PROMPT: Extract exactly and only the lines of the data below, starting at the line with "this 1024×1024 image." and stopping after the final line.

Top of THE RECORDS

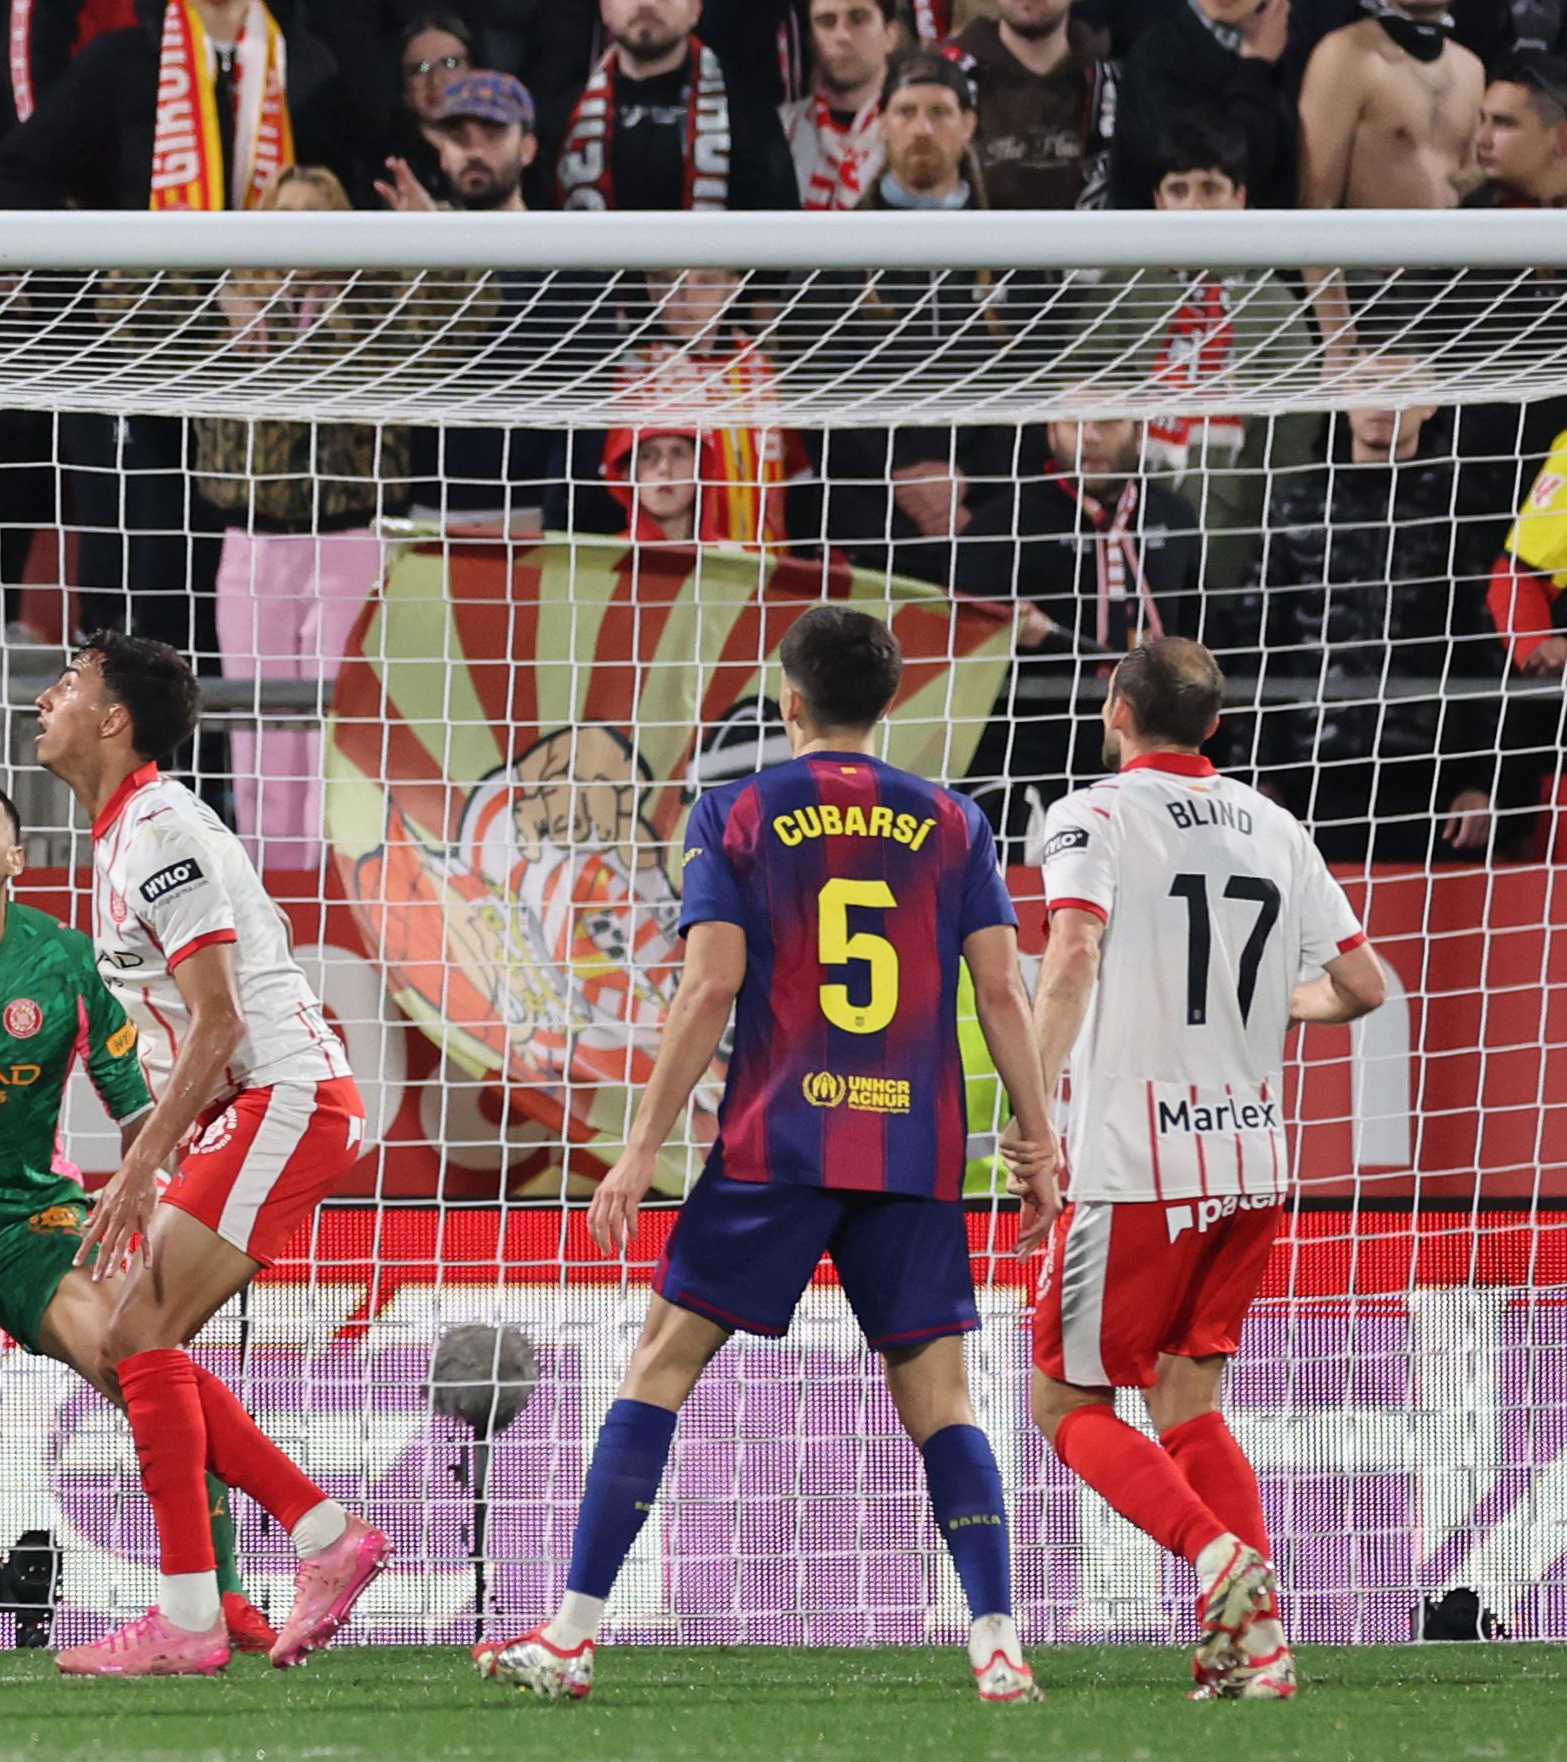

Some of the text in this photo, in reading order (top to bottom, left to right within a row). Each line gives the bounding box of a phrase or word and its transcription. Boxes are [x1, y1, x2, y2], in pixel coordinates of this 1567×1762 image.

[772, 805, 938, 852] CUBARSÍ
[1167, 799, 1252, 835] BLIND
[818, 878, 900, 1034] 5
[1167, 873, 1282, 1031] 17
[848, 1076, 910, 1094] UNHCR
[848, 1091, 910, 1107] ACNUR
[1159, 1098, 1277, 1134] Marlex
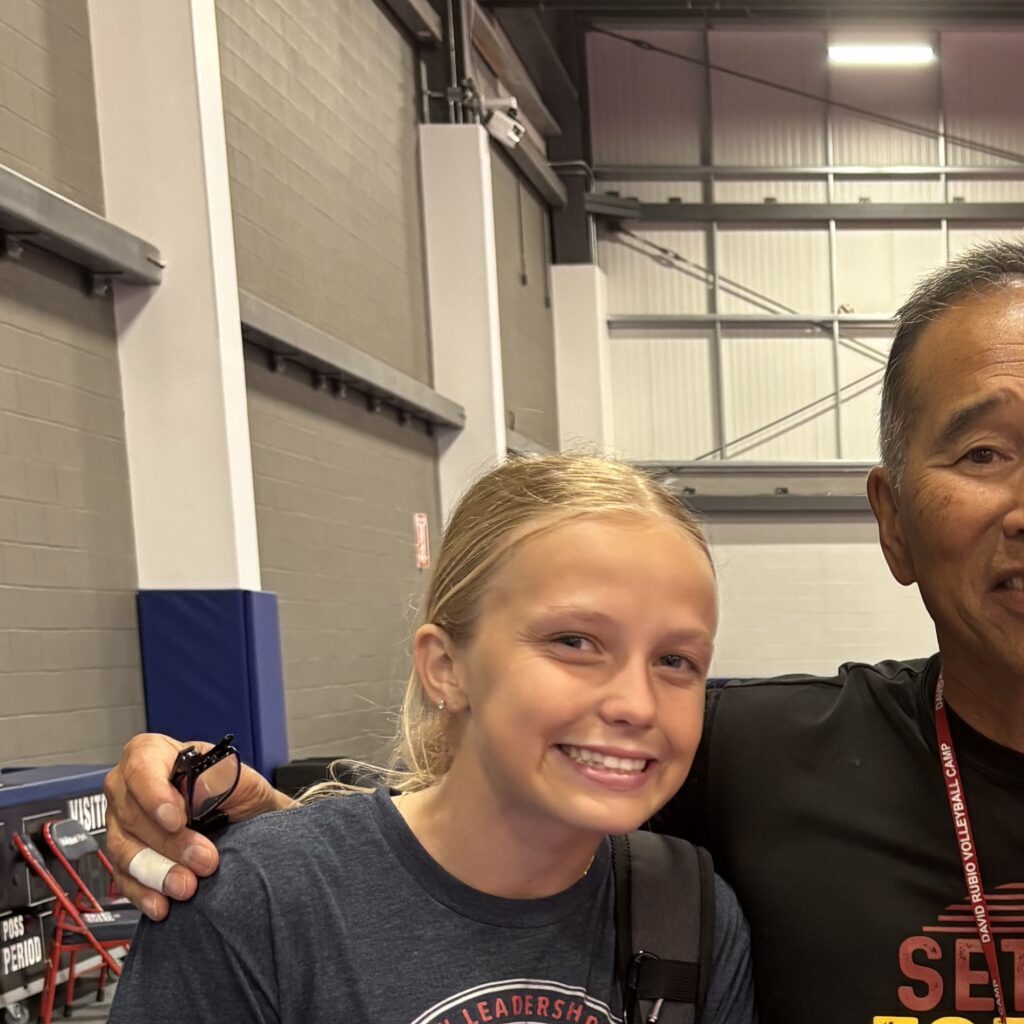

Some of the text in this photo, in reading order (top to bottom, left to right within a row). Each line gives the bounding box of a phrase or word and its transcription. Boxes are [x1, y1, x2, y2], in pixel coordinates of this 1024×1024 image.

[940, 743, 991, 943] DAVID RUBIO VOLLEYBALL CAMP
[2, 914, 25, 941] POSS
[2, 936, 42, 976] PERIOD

Bottom of THE RECORDS

ANSWER SECTION:
Some of the text in this photo, in reading order (top to bottom, left to right within a row). Each line gives the bounding box of a phrase or word and its transcription. Boxes are [x1, y1, x2, y2], in pixel coordinates of this 1024×1024 image.

[940, 743, 991, 943] DAVID RUBIO VOLLEYBALL CAMP
[2, 914, 25, 941] POSS
[2, 936, 42, 976] PERIOD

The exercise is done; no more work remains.